You can configure both training and evaluation parameters in pvnet_linemod_config.yaml.

Configure the PVNet and LINEMOD datasets.

'data_url': "./pvnet/"                           # Absolute full path of the training set
'train_url': "./trained/"                        # Path for storing the trained model
'group_size': 1                                  # Total number of training devices
'rank': 0                                        # Current training device number
'device_target': "Ascend"                        # Running device
'distribute': False                              # Specifies whether distributed training is used.
'cls_name': "cat"                                # Training object class
'vote_num': 9                                    # Number of voting key points
'workers_num': 16                                # Number of worker threads
'batch_size': 16                                 # Training batch size
'epoch_size': 200                                # Training epoch
'learning_rate': 0.005                           # Training learning rate
'learning_rate_decay_epoch': 20                  # Number of learning rate decay epochs
'learning_rate_decay_rate': 0.5                  # Learning rate decay rate
'pretrained_path': "./resnet18-5c106cde.ckpt"    # Path of the pretrained model
'loss_scale_value': 1024                         # Initial value of dynamic loss scale
'scale_factor': 2                                # Dynamic loss scale factor
'scale_window': 1000                             # Dynamic loss scale update frequency
'dataset_name': "LINEMOD"                        # Name of the LINEMOD training set
'dataset_dir': "~/pvnet/data/"                   # LINEMOD dataset path
'origin_dataset_name': "LINEMOD_ORIG"            # Original LINEMOD dataset name
'img_width': 640                                 # Width of the dataset images
'img_height': 480                                # Height of the dataset images
'ckpt_file': "./train_cat-199_618.ckpt"          # File for saving models
'eval_dataset': "./"                             # Evaluation dataset path
'result_path': "./scripts/result_Files"          # Path for storing Ascend 310 AI Processor-based inference results
'file_name': "pvnet"                             # Prefix of the generated MindIR file
'file_format': "MINDIR"                          # Inference model conversion format
'file_format': "MINDIR"                          # Maximum number of models that can be saved
'img_crop_size_width': 480                       # Image width after data augmentation
'img_crop_size_height': 360                      # Image height after data augmentation
'rotation': True                                 # Specifies whether images are rotated after data augmentation.
'rot_ang_min': -30                               # Rotation angle range of an object
'rot_ang_max': 30
'crop': True                                     # Specifies whether images are cropped after data augmentation.
resize_ratio_min: 0.8                            # Image resizing ratio
resize_ratio_max: 1.2
overlap_ratio: 0.8                               # Object overlapping ratio
brightness: 0.1                                  # Parameter for adjusting the image brightness
contrast: 0.1                                    # Parameter for adjusting the image contrast
saturation: 0.05                                 # Parameter for adjusting the image saturation
hue: 0.05                                        # Parameter for adjusting the image hue

For more configuration details, see the pvnet_linemod_config.yaml file.

Training Process

Run in the Ascend AI Processor environment.

# Standalone training
python train.py >train.log

You can modify related configurations, such as rank and cls_name, in the pvnet_linemod_config.yaml configuration file.

After running the preceding Python command, you can view the result in the train.log file.

# Distributed training
Usage: bash scripts/run_distribute.sh --cls_name [cls_name] --distribute [distribute]
#example: bash ./scripts/run_distribute.sh --cls_name ape --distribute 1

You need to set RANK_SIZE in run_distribute.sh and modify other parameters in the pvnet_linemod_config.yaml configuration file.

The preceding shell script will run distributed training in the backend.
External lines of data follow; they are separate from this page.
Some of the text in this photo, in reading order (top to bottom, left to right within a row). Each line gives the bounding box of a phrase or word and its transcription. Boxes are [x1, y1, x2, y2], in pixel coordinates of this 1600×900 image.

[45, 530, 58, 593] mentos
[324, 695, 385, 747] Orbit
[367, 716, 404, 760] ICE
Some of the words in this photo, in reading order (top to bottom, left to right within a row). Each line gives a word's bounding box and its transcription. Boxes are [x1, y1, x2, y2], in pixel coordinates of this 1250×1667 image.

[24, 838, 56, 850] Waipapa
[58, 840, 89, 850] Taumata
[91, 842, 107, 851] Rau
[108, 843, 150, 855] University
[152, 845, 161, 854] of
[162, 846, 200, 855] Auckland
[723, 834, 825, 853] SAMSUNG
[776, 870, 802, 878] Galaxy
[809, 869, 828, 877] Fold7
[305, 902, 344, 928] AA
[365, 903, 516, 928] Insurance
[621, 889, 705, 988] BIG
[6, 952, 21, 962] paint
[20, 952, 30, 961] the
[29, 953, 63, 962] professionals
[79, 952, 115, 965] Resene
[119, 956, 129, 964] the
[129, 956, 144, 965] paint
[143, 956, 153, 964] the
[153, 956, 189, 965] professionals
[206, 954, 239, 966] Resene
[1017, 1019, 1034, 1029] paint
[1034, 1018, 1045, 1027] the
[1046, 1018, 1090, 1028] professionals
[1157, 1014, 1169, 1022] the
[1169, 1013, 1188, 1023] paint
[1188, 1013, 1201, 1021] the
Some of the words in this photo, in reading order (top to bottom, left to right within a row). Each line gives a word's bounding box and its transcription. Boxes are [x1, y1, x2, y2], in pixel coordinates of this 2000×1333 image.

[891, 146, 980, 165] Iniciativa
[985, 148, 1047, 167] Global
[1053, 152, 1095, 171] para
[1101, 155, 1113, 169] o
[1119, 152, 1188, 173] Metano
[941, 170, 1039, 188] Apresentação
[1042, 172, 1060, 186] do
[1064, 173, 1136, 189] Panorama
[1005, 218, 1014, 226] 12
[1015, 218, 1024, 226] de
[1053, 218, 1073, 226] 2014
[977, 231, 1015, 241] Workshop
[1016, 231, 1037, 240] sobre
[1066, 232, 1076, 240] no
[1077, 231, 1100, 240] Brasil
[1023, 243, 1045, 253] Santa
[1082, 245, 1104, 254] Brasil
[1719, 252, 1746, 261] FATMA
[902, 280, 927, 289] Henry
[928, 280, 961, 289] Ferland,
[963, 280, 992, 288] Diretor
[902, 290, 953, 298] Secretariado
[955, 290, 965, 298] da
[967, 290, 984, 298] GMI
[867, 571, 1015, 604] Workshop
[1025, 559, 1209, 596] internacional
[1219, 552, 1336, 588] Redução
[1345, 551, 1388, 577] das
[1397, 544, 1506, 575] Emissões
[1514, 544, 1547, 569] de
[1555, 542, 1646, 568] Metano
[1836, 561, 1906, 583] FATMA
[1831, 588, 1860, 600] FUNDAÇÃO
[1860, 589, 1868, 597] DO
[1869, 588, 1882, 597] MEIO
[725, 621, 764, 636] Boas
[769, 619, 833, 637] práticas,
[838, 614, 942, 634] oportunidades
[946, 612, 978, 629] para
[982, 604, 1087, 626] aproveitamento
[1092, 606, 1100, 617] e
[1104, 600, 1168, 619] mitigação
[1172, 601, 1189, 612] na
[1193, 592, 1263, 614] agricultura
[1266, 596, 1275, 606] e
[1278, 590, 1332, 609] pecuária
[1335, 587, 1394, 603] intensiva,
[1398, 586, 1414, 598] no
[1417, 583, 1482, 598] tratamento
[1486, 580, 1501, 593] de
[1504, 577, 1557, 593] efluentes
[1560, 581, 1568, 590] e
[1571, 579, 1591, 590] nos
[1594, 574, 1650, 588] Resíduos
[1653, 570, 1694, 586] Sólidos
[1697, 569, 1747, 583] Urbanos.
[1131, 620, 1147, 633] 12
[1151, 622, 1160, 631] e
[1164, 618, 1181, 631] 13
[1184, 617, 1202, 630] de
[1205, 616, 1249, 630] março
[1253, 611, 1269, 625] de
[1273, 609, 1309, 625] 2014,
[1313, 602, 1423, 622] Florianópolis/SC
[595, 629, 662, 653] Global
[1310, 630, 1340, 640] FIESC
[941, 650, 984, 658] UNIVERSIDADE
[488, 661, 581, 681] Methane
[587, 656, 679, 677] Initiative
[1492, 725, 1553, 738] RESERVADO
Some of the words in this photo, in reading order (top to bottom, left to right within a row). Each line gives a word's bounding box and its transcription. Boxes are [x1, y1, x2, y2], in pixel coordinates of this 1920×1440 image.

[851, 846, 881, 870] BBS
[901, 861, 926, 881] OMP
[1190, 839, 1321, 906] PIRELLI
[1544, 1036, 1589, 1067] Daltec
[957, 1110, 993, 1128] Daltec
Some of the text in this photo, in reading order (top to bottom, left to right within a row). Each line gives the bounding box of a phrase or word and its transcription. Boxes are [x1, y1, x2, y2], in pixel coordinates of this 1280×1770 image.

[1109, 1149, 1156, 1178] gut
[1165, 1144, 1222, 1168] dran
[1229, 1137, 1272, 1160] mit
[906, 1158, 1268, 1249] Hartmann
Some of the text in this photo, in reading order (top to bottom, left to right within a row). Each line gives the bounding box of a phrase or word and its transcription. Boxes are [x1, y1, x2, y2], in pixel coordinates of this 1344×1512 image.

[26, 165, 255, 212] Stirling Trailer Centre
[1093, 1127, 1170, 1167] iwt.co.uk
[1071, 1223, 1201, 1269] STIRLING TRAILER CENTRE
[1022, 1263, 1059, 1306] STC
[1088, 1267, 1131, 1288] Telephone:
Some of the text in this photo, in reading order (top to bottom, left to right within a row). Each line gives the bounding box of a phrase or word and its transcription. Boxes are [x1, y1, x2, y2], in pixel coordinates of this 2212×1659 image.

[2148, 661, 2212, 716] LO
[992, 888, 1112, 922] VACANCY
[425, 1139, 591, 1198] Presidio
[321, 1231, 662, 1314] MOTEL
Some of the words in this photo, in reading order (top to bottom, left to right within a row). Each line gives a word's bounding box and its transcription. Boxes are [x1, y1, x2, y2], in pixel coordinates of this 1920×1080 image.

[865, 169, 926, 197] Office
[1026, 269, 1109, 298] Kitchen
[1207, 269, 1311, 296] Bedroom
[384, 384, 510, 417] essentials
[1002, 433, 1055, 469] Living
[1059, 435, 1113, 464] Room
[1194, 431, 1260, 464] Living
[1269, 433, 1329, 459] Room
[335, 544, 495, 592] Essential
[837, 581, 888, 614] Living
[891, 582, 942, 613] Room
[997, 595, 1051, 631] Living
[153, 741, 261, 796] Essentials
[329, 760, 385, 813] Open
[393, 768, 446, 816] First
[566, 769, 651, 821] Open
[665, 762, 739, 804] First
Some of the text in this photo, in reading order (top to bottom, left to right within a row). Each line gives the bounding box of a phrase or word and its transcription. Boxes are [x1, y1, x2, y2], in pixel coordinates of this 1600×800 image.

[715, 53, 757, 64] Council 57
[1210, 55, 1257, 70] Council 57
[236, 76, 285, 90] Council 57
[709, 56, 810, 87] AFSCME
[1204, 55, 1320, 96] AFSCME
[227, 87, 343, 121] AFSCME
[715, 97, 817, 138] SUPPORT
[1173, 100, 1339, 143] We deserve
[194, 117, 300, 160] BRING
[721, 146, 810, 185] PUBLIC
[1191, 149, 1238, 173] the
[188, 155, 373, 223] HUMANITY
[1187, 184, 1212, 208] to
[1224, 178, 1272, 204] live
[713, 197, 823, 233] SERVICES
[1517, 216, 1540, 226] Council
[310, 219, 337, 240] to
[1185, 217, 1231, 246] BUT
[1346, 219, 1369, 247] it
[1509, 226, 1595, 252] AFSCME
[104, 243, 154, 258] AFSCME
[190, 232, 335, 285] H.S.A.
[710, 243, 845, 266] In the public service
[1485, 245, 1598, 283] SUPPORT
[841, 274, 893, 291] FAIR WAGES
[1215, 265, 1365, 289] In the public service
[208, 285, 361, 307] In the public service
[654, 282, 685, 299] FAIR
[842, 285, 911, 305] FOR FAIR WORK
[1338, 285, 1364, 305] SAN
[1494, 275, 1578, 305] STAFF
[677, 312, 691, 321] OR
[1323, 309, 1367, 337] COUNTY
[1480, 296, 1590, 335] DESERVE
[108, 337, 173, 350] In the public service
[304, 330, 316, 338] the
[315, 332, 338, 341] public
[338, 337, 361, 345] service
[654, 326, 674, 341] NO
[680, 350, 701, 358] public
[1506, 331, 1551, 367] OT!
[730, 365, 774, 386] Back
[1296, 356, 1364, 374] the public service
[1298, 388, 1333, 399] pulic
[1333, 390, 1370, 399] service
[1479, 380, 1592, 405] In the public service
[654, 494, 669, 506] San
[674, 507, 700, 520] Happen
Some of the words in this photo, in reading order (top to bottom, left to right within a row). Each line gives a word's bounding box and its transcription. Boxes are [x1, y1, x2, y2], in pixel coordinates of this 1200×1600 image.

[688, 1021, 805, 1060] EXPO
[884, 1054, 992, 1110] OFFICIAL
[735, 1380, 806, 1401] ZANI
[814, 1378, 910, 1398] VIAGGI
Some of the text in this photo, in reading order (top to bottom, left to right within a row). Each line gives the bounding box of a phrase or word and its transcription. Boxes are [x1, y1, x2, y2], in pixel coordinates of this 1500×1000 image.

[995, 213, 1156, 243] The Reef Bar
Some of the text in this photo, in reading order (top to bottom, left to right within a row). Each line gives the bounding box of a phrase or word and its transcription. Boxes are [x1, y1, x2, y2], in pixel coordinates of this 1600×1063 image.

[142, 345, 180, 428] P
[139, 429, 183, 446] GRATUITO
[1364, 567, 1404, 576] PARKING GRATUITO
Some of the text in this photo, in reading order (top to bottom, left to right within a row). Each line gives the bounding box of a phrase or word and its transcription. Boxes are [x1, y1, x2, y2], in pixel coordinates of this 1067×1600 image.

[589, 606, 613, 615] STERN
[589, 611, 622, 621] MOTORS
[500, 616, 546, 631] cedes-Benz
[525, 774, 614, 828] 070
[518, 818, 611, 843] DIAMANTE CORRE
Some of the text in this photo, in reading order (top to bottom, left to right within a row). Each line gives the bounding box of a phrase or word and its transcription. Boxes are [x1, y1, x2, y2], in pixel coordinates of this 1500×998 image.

You can view the result in the device[X]/train.log file. The following methods are used to achieve the loss value:

# grep "total" device[X]/train.log
Rank:0/2, Epoch:[1/200], Step[80/308] cost:0.597510814666748.s total:0.28220612
Rank:0/2, Epoch:[1/200], Step[160/308] cost:0.41454052925109863.s total:0.20701535
Rank:0/2, Epoch:[1/200], Step[240/308] cost:0.2790074348449707.s total:0.15037575
...
Rank:1/2, Epoch:[1/200], Step[80/308] cost:1.0746071338653564.s total:0.27446517
Rank:1/2, Epoch:[1/200], Step[160/308] cost:1.1847755908966064.s total:0.20768473
Rank:1/2, Epoch:[1/200], Step[240/308] cost:0.9300284385681152.s total:0.13899626
...

Evaluation Process

Evaluation

Evaluate the LINEMOD dataset in the Ascend environment.

Before running the following commands, check the parameters used for evaluation. The configuration items to be modified are cls_name and ckpt_file. Set the checkpoint file path to an absolute full path, for example, /username/dataset/cat/train_cat-199_618.ckpt.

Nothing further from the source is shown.